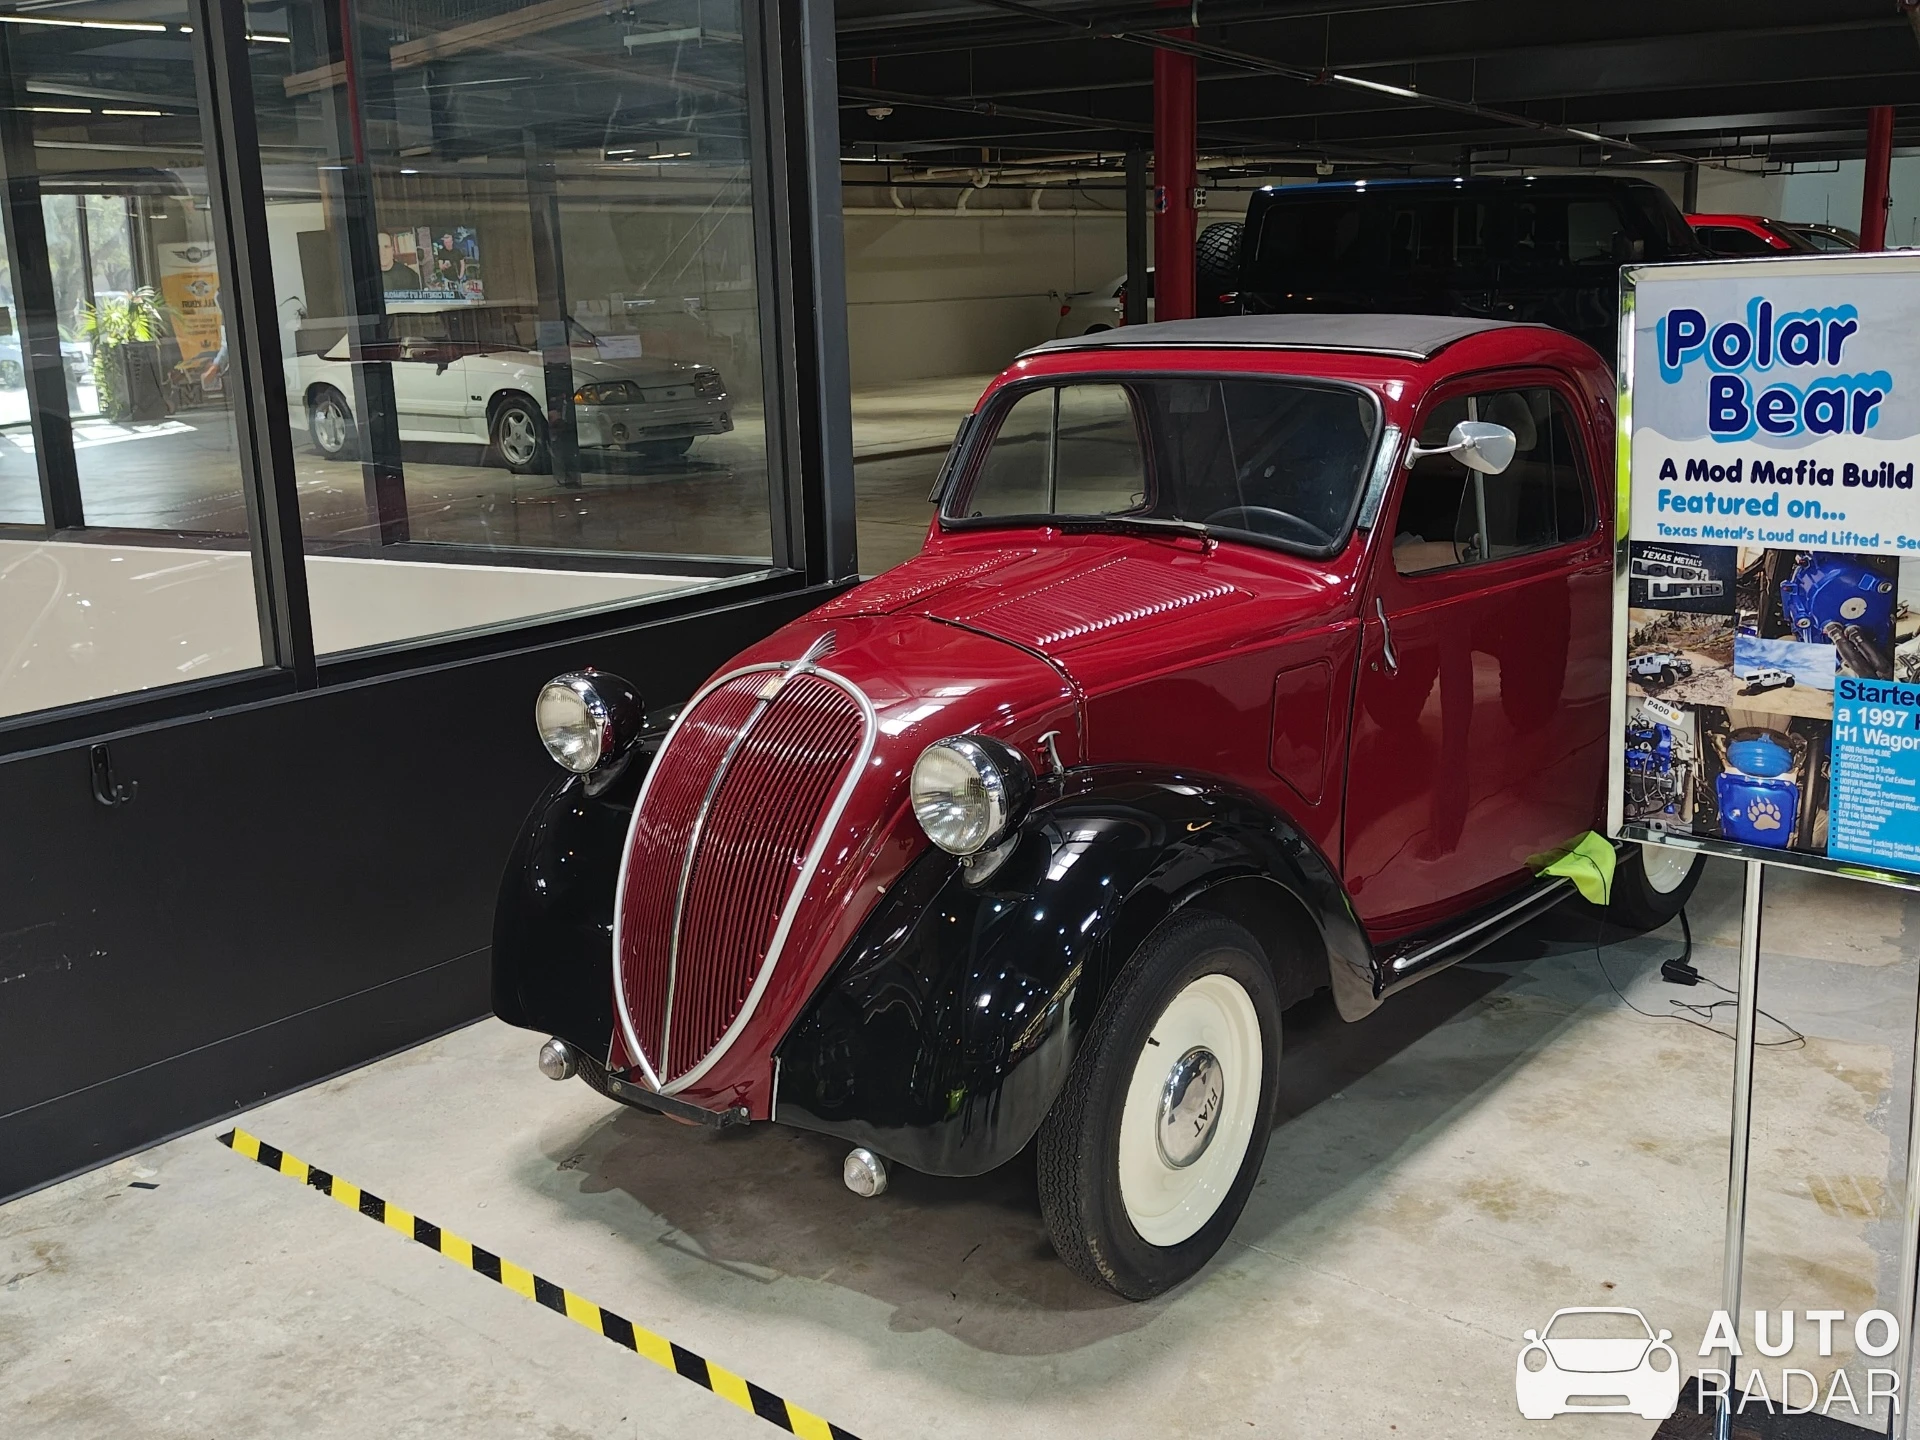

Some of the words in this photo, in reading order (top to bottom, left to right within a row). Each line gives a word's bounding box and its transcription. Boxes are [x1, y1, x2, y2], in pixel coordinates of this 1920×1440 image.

[1664, 299, 1858, 370] Polar
[1707, 372, 1884, 436] Bear
[1659, 458, 1678, 481] A
[1685, 458, 1743, 483] Mod
[1750, 459, 1835, 486] Mafia
[1842, 462, 1914, 489] Build
[1658, 489, 1779, 517] Featured
[1787, 499, 1846, 520] on...
[1657, 523, 1697, 537] Texas
[1701, 525, 1754, 540] Metal's
[1758, 528, 1794, 542] Loud
[1799, 530, 1827, 544] and
[1832, 531, 1879, 547] Lifted
[1642, 550, 1672, 562] TEXAS
[1673, 556, 1703, 567] METAL'S
[1632, 560, 1697, 580] LOUD
[1652, 582, 1722, 598] LIFTED
[1648, 700, 1670, 715] P400
[1837, 708, 1850, 723] a
[1857, 707, 1909, 728] 1997
[1835, 724, 1857, 743] H1
[1860, 764, 1875, 773] Stage
[1881, 766, 1895, 775] Turbo
[1860, 780, 1881, 789] Radiator
[1860, 797, 1879, 805] Lockers
[1881, 799, 1894, 807] Front
[1861, 789, 1876, 798] Stage
[1882, 792, 1915, 802] Performance
[1193, 1087, 1218, 1138] FIAT

◆ TO DO
Except for the pictures, copy every line of the records above exactly.

◆ RESULT BELOW
Some of the words in this photo, in reading order (top to bottom, left to right within a row). Each line gives a word's bounding box and its transcription. Boxes are [x1, y1, x2, y2], in pixel coordinates of this 1920×1440 image.

[1664, 299, 1858, 370] Polar
[1707, 372, 1884, 436] Bear
[1659, 458, 1678, 481] A
[1685, 458, 1743, 483] Mod
[1750, 459, 1835, 486] Mafia
[1842, 462, 1914, 489] Build
[1658, 489, 1779, 517] Featured
[1787, 499, 1846, 520] on...
[1657, 523, 1697, 537] Texas
[1701, 525, 1754, 540] Metal's
[1758, 528, 1794, 542] Loud
[1799, 530, 1827, 544] and
[1832, 531, 1879, 547] Lifted
[1642, 550, 1672, 562] TEXAS
[1673, 556, 1703, 567] METAL'S
[1632, 560, 1697, 580] LOUD
[1652, 582, 1722, 598] LIFTED
[1648, 700, 1670, 715] P400
[1837, 708, 1850, 723] a
[1857, 707, 1909, 728] 1997
[1835, 724, 1857, 743] H1
[1860, 764, 1875, 773] Stage
[1881, 766, 1895, 775] Turbo
[1860, 780, 1881, 789] Radiator
[1860, 797, 1879, 805] Lockers
[1881, 799, 1894, 807] Front
[1861, 789, 1876, 798] Stage
[1882, 792, 1915, 802] Performance
[1193, 1087, 1218, 1138] FIAT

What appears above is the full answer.